Хотя авторы и пишут о достаточно высоких процентах хороших и удовлетворительных результатов после оперативного лечения, но это, в первую очередь, касается солитарных экзостозов. Как правило, на первый план выносятся косметические, а не функциональные критерии результатов лечения.
В литературе не найдено адекватной классификации, которая охватывала бы все признаки и критерии, касающиеся экзостозов (вид, размеры, активность роста, локализацию, наличие осложнений), согласно которой были бы предложены соответствующие методы хирургического лечения.
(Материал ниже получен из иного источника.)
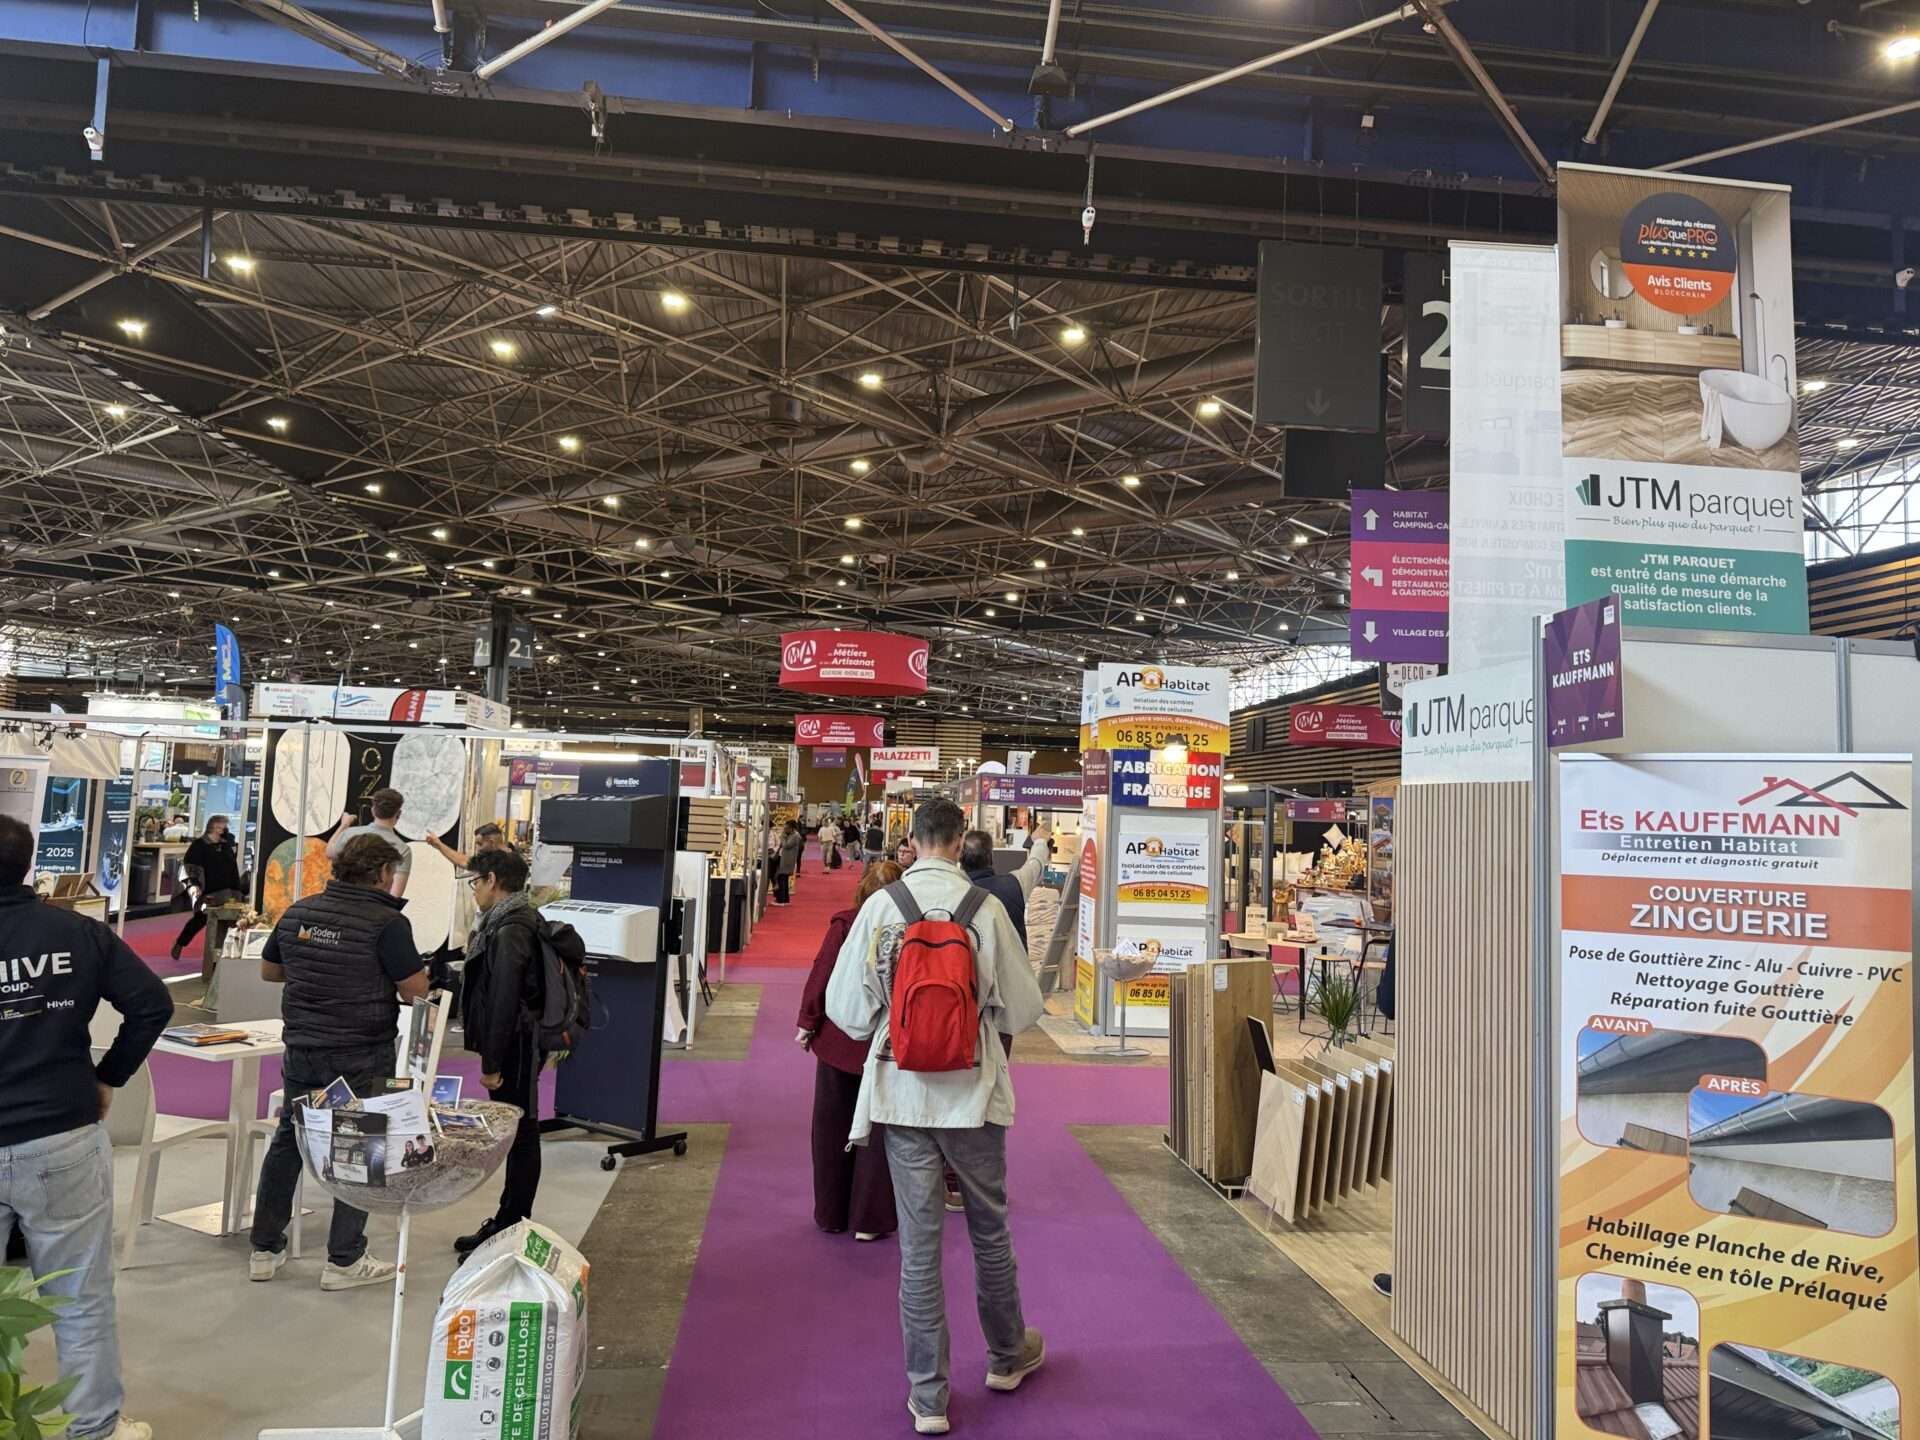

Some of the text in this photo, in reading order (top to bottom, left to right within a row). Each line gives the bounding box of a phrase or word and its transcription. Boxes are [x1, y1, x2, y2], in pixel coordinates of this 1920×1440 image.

[1648, 274, 1712, 291] Avis Clients
[1420, 300, 1450, 370] 2
[1608, 476, 1794, 521] JTM parquet
[1613, 516, 1755, 535] Bien plus que du parquet
[1640, 554, 1736, 569] JTM PARQUET
[1591, 567, 1787, 588] est entré dans une démarche
[1611, 582, 1768, 602] qualité de mesure de la
[1624, 599, 1756, 616] satisfaction clients.
[1392, 629, 1445, 637] VILLAGE DES
[832, 658, 875, 667] Artisanat
[833, 649, 868, 658] Métiers
[1573, 648, 1591, 665] ETS
[1116, 672, 1210, 691] AP Habitat
[1552, 661, 1615, 688] KAUFFMANN
[1421, 694, 1465, 736] JTM
[1116, 730, 1209, 746] 06 85 25
[873, 751, 931, 760] PALAZZETTI
[1114, 761, 1220, 777] FABRICATION
[1580, 809, 1841, 837] Ets KAUFFMANN
[46, 848, 74, 857] 2025
[1126, 842, 1199, 857] AP Habitat
[1620, 835, 1798, 854] Entretien Habitat
[1601, 851, 1819, 871] Déplacement et diagnostic gratuit
[1649, 885, 1807, 908] COUVERTURE
[1630, 904, 1829, 939] ZINGUERIE
[1569, 945, 1903, 983] Pose de Gouttière Zinc Alu Cuivre PVC
[1130, 989, 1165, 998] 06 85 04
[1635, 972, 1825, 1000] Nettoyage Gouttière
[1610, 992, 1854, 1026] Réparation fuite Gouttière
[1592, 1018, 1649, 1033] AVANT
[1707, 1077, 1761, 1095] APRÈS
[1586, 1215, 1885, 1283] Habillage Planche de Rive,
[1585, 1242, 1888, 1310] Cheminée en tôle Prélaqué
[453, 1315, 475, 1355] igloo
[514, 1310, 530, 1421] DE CELLULOSE
Не найдено работ, в которых было бы описано функциональное состояние ростковой пластинки пораженной кости с оценкой степени её нарушений и влияние оперативных вмешательств на функцию последней.
Высокая частота вторичных деформаций и осложнений, отсутствие или недостаточность вышеперечисленных критериев обуславливают актуальность дальнейшего изучения патогенетических механизмов развития этих нарушений при данной патологии с целью разработки оптимальной тактики ведения, дифференцированного подхода к срокам и методам оперативного лечения с уделе-нием особого внимания на выполнение профилактических хирургических вмешательств.
Цель исследования Усовершенствовать тактику хирургического лечения детей и подростков с экзостозной хондродисплазией.
Задачи исследования: 1. Определить и сопоставить клинические, рентгенологические, сцинти-графические и морфологические признаки активности роста экзостозов и дать оценку состояния функции ростковых зон пораженных костей.
Выявить субклинические признаки осложнений, определить прогностические критерии развития вторичных деформаций и механизмы их формирования.
Разработать рабочую классификацию в зависимости от формы, вида образований, активности роста, наличия и тяжести вторичных деформаций, осложнений.
Определить показания и обосновать применение профилактических методов хирургического лечения, а также усовершенствовать применяемые.
Изучить отдаленные результаты хирургического лечения и дать оценку эффективности применяемым методам оперативных вмешательств.